Facebook Don't buy the stock.
As Facebook has its trading debut Wendy Grossman discusses the uncertain economic future for the social networking site.
Image: CC-AT-NC-SA Matthew Knott
"But what if the numbers ever start going down?"
The speaker was the managing director of CompuServe UK in approximately 1991 and I had just suggested putting a banner on the CompuServe login page announcing the number of users, at the time growing rapidly. Well, you know the rest.
I'm not alone in comparing Facebook, which went public yesterday, to past online social venues, and I won't review my reasons here. As I wrote in January when Ramnit surfaced, were I an early investor in Facebook I'd be wanting to cash out now.
As I write this, the market hasn't opened yet in the US, so this is just fun-with-numbers. Facebook's 421.2 million shares at $38 raised $16 billion, a nice war chest to go shopping with. The company's new $104 billion market cap, the Wall Street Journal tweeted yesterday, tops Yahoo!, Groupon, LinkedIn, Netflix, IAC/Interactive Corporate, Zynga, and Pandora Media - combined. It's slightly above Amazon, more than double eBay, about half of Microsoft, almost double Cisco or Boeing. More soberly, it is 50 times CompuServe acquirer AOL's market cap today - but less than half of AOL's $222 billion in December 1999.
I'll blame some of the Facebook IPO madness on the 2010 release of The Social Network: a mainstream movie is fabulous publicity for a five-year-old company. Throw in widespread familiarity and then all those stories about the Arab Spring, and you have a company of apparently vast social significance - but not necessarily good business. The size of the hype has lots of financial pundits trying to sober people up. With reason: the buying frenzy suggests that expectations are so high that a disappointment is almost inevitable.

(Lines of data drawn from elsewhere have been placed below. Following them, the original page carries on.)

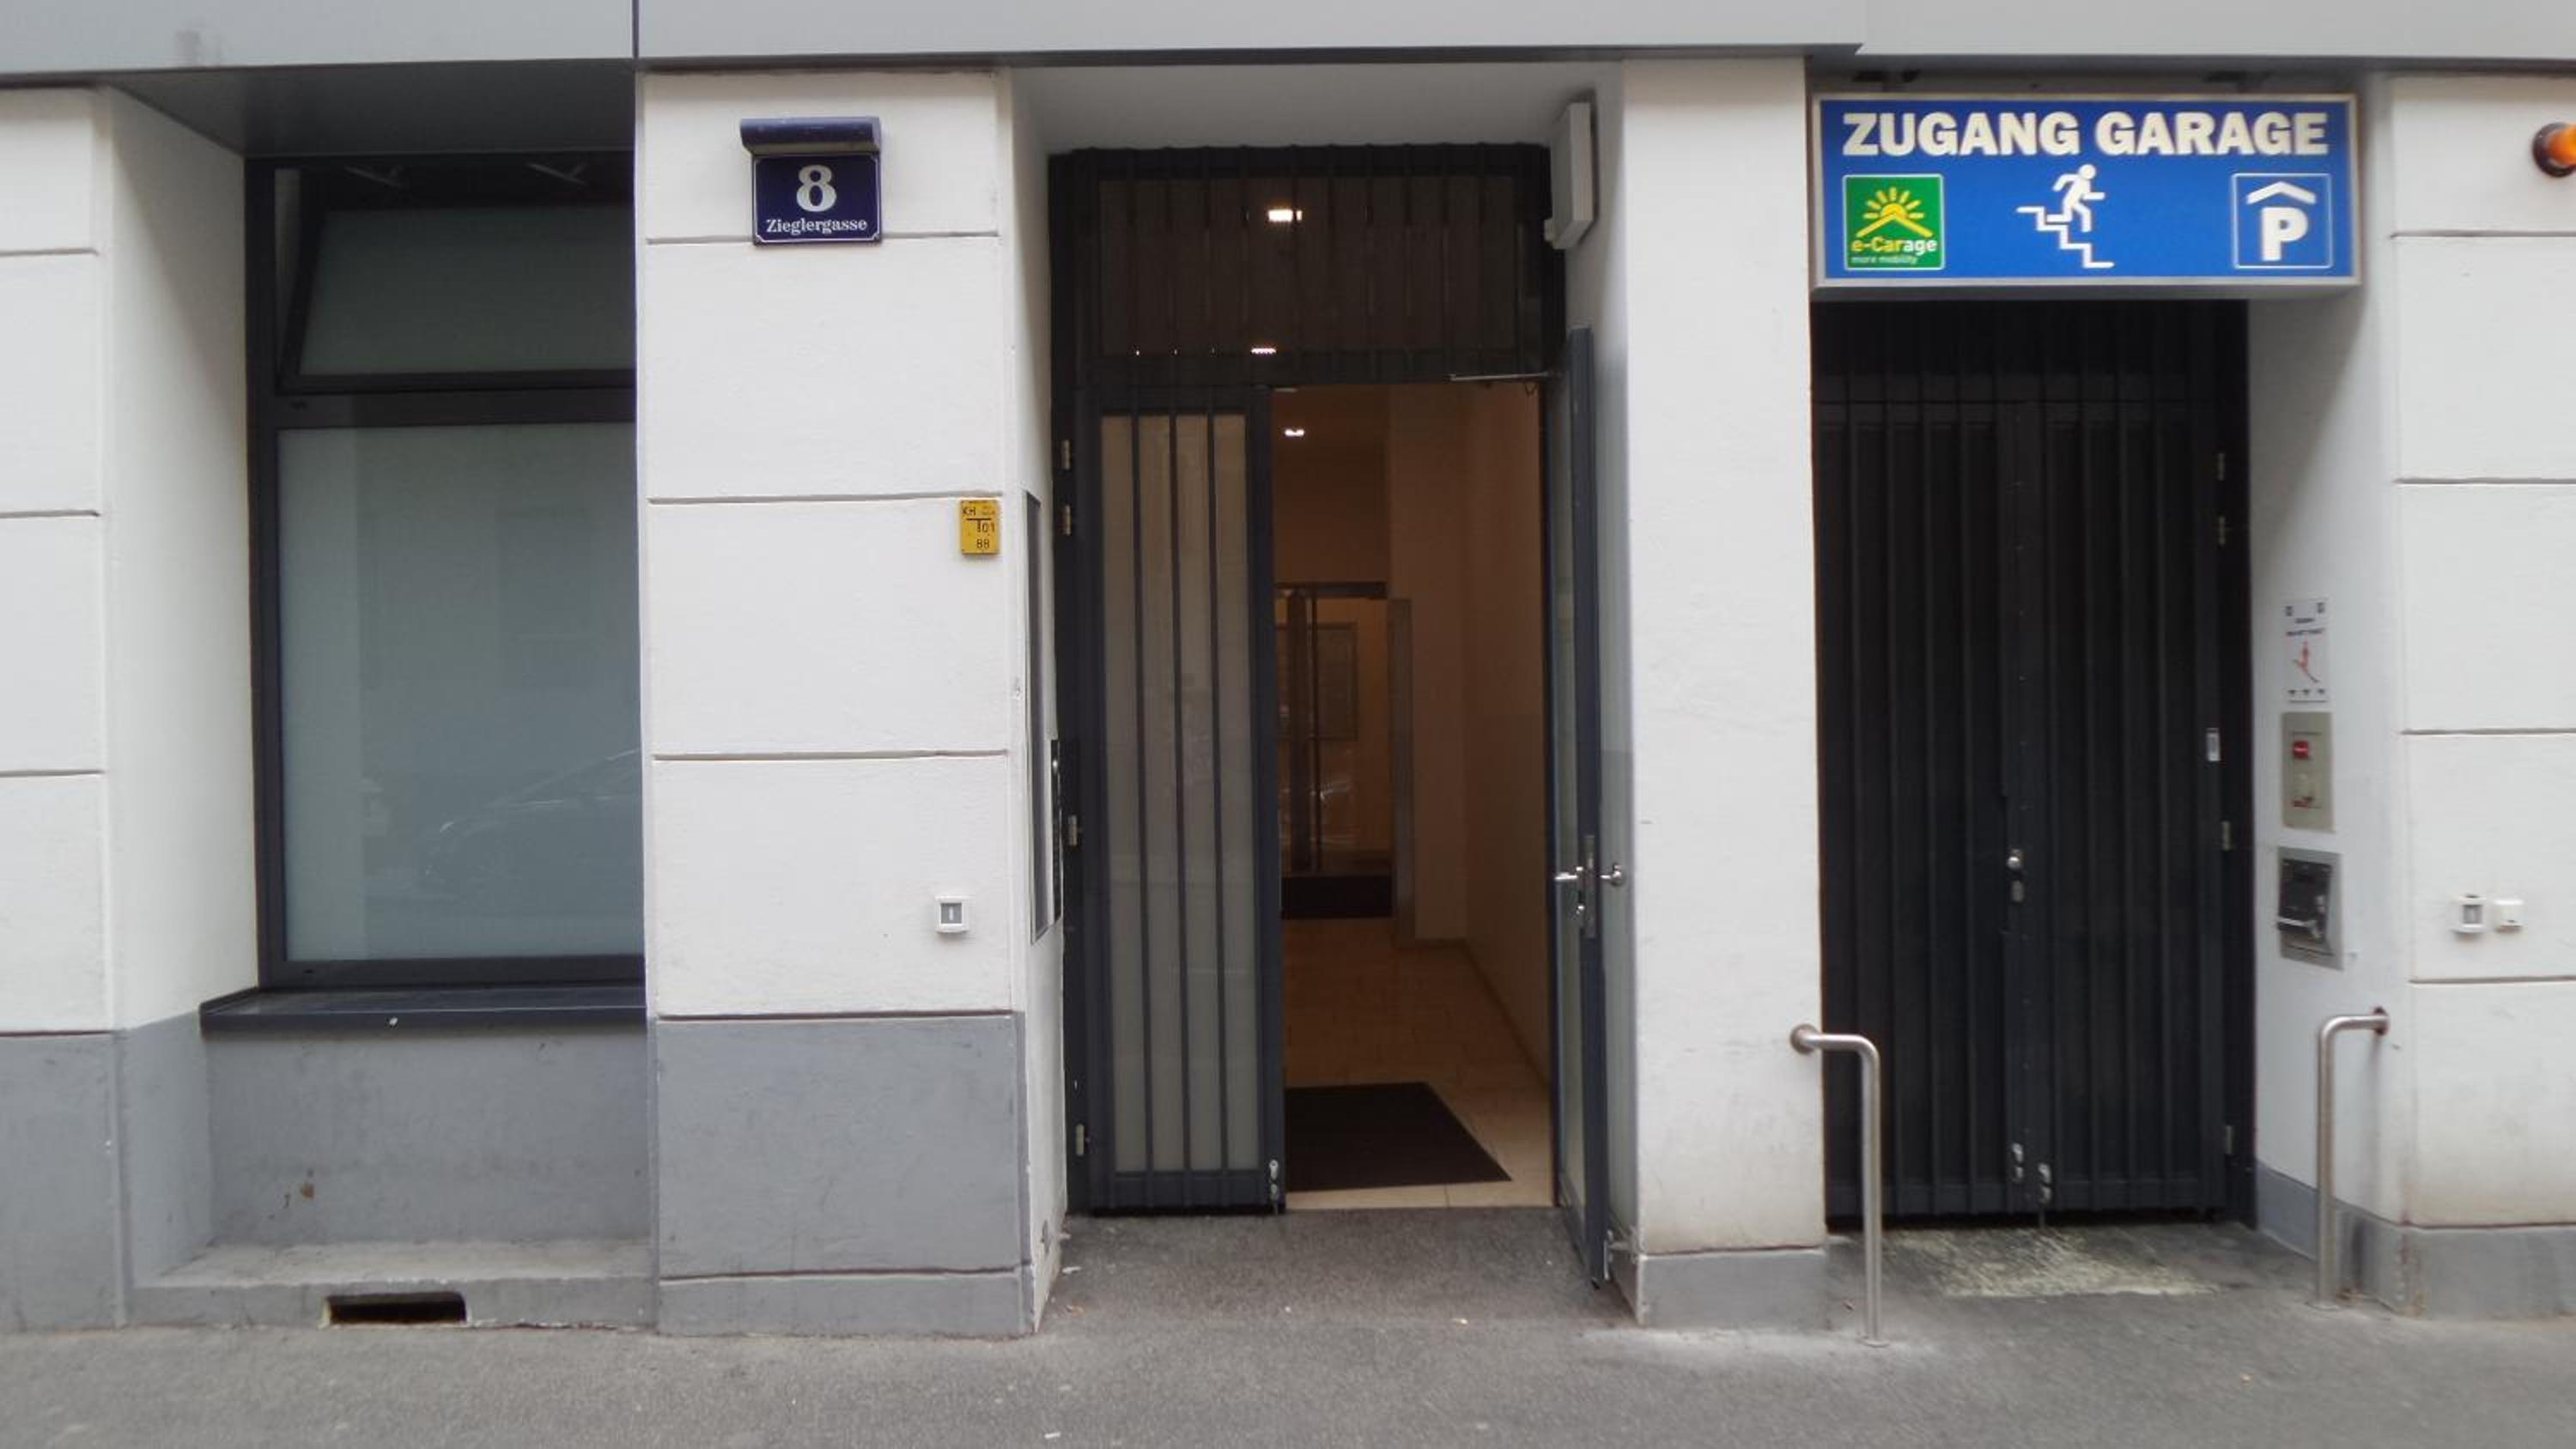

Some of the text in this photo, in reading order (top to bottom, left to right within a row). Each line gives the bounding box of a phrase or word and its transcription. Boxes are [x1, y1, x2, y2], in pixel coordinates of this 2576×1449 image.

[1843, 112, 2329, 156] ZUGANG GARAGE
[796, 165, 837, 212] 8
[766, 217, 868, 236] Zieglergasse
[1850, 236, 1937, 256] e-Carage
[2262, 206, 2309, 261] P
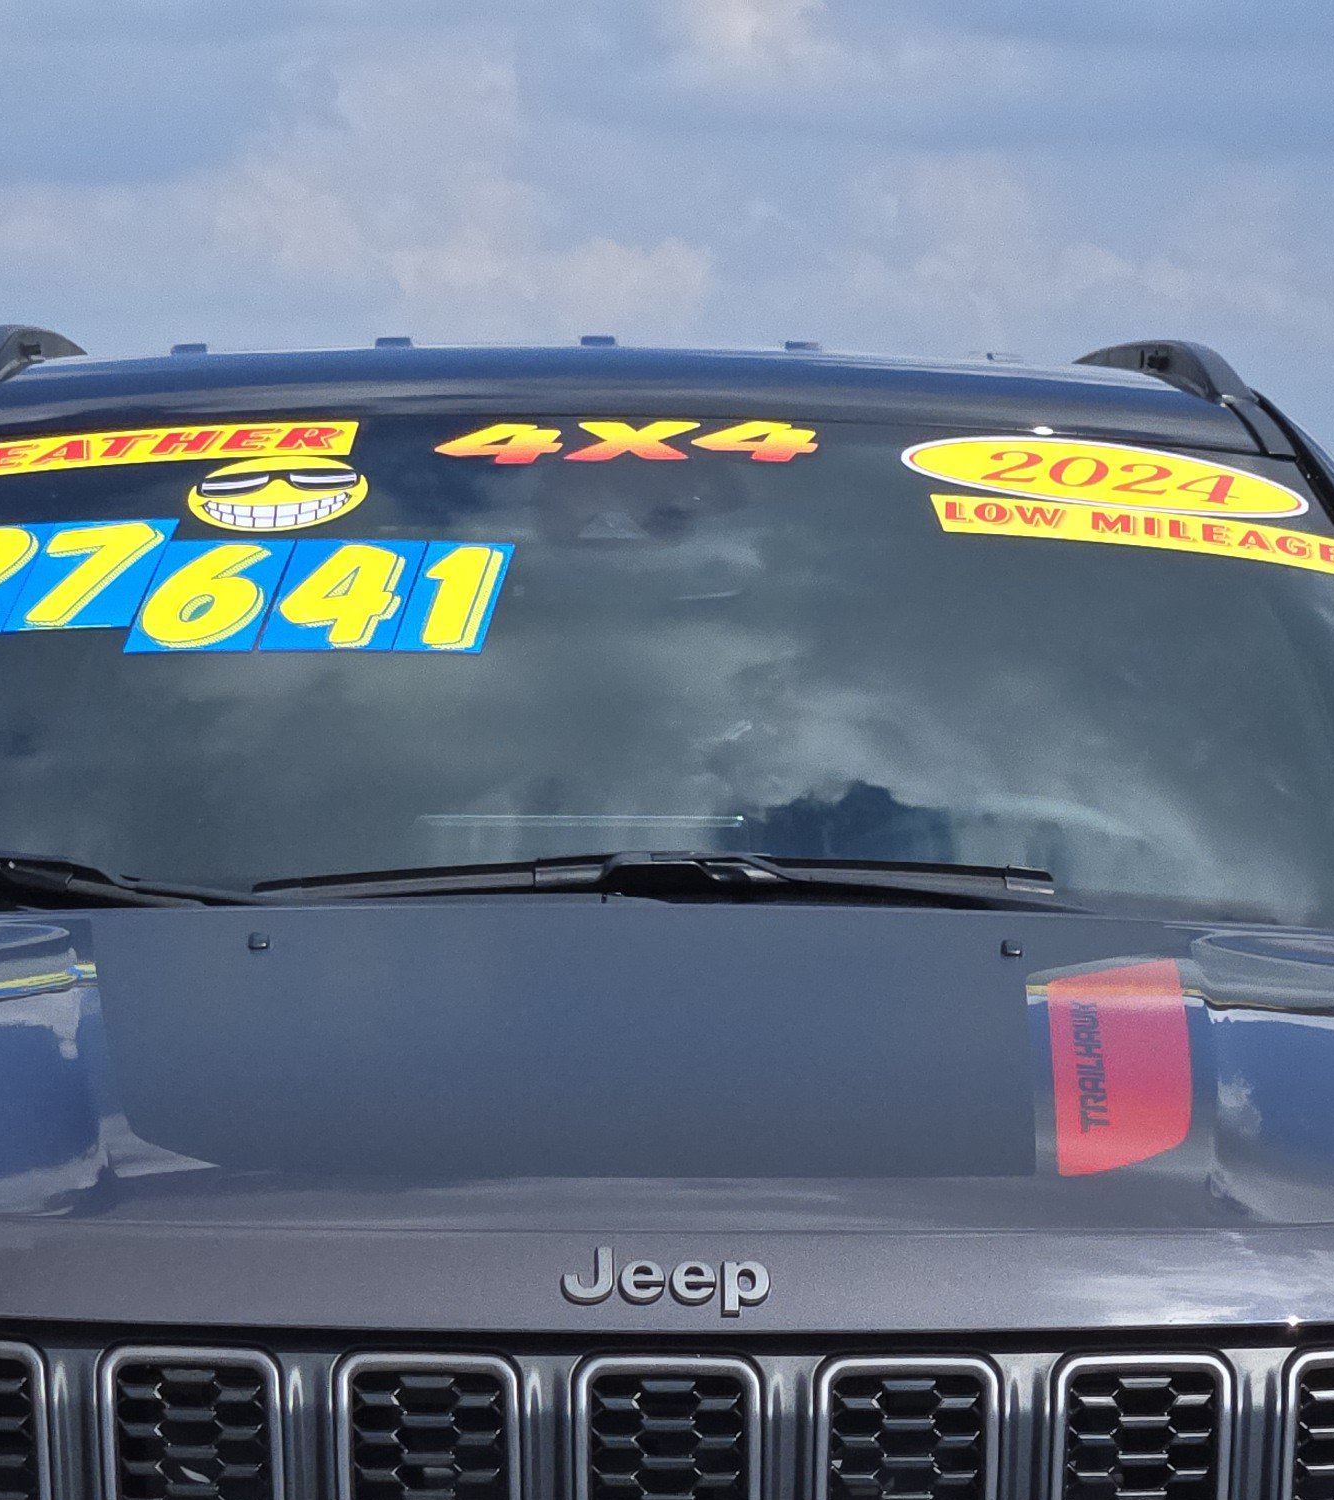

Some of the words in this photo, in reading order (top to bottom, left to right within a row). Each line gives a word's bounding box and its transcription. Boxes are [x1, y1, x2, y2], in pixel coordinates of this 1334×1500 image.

Warren Buffett, and his legendary mentor, Benjamin Graham, espouse(d) two enduring principles: a "moat" protecting a business from copycats and competitors, and a "margin of safety". The latter is simple enough: buy undervalued companies. If the company makes a misstep, you are somewhat protected against losing your investment. So the statistic that gives real pause is this one: if Apple were valued (price to sales) the way Facebook is at $38 a share, Apple's market cap would be six times what it is now: $3 trillion.
A quick round-up of other issues, beginning with the huge size of the float coupled with a lower - and slower - growth rate than Apple, Google, or LinkedIn. Seeking Alpha directly compares Facebook and Google at IPO time; The Motley Fool compares Facebook to giant Internet IPOs of the past; its graphs show just how hard it will be for Facebook to live up to the track records of Google, Amazon, and Apple. Minyanville has ten more negative perspectives, even including the guy who can't get his teenaged daughter to stop spending all her time on the system. The New York Times's Dealbook has plenty more. Disappointed investors can, however, lie back and think of California, which desperately needs the tax money from those thousand new millionaires.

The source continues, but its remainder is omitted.